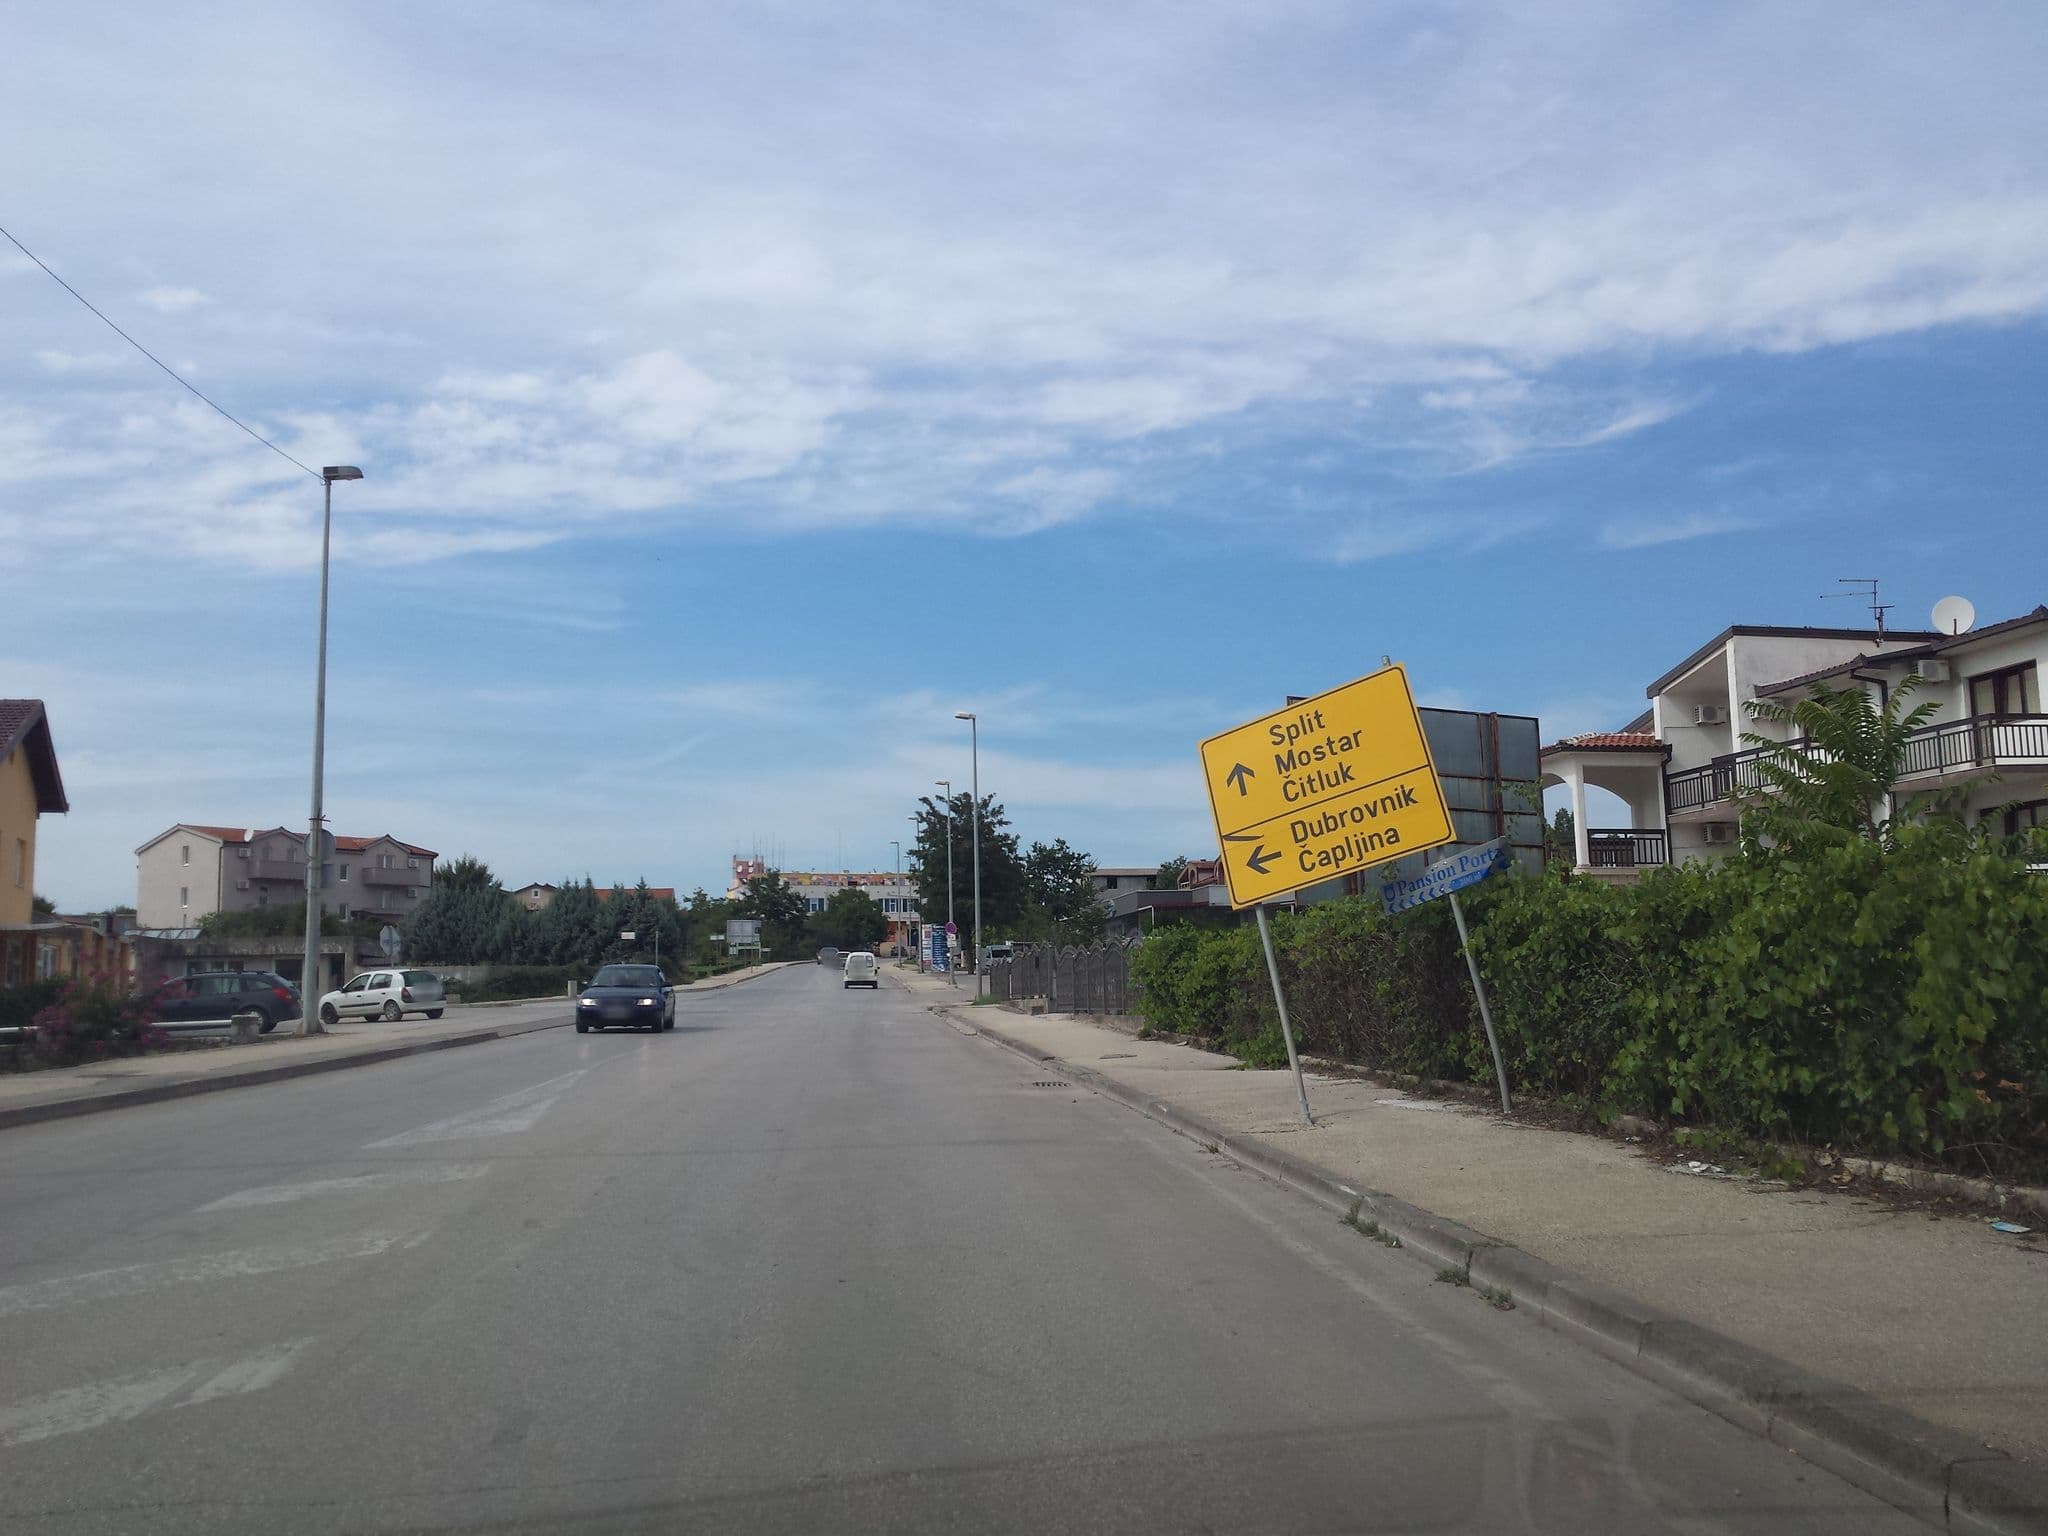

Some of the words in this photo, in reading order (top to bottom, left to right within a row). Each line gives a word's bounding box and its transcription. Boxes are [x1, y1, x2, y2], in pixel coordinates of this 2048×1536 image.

[1269, 709, 1326, 749] Split
[1274, 731, 1362, 775] Mostar
[1282, 763, 1356, 802] Čitluk
[1290, 784, 1419, 844] Dubrovnik
[1298, 827, 1400, 872] Čapljina
[1397, 866, 1456, 896] Pansion
================================
PROBLEM REQUIREMENTS: All of the entries need to be copied exactly, minus any pictures.

SOLUTION FOR THIS PROBLEM:
Some of the words in this photo, in reading order (top to bottom, left to right within a row). Each line gives a word's bounding box and its transcription. Boxes are [x1, y1, x2, y2], in pixel coordinates of this 2048×1536 image.

[1269, 709, 1326, 749] Split
[1274, 731, 1362, 775] Mostar
[1282, 763, 1356, 802] Čitluk
[1290, 784, 1419, 844] Dubrovnik
[1298, 827, 1400, 872] Čapljina
[1397, 866, 1456, 896] Pansion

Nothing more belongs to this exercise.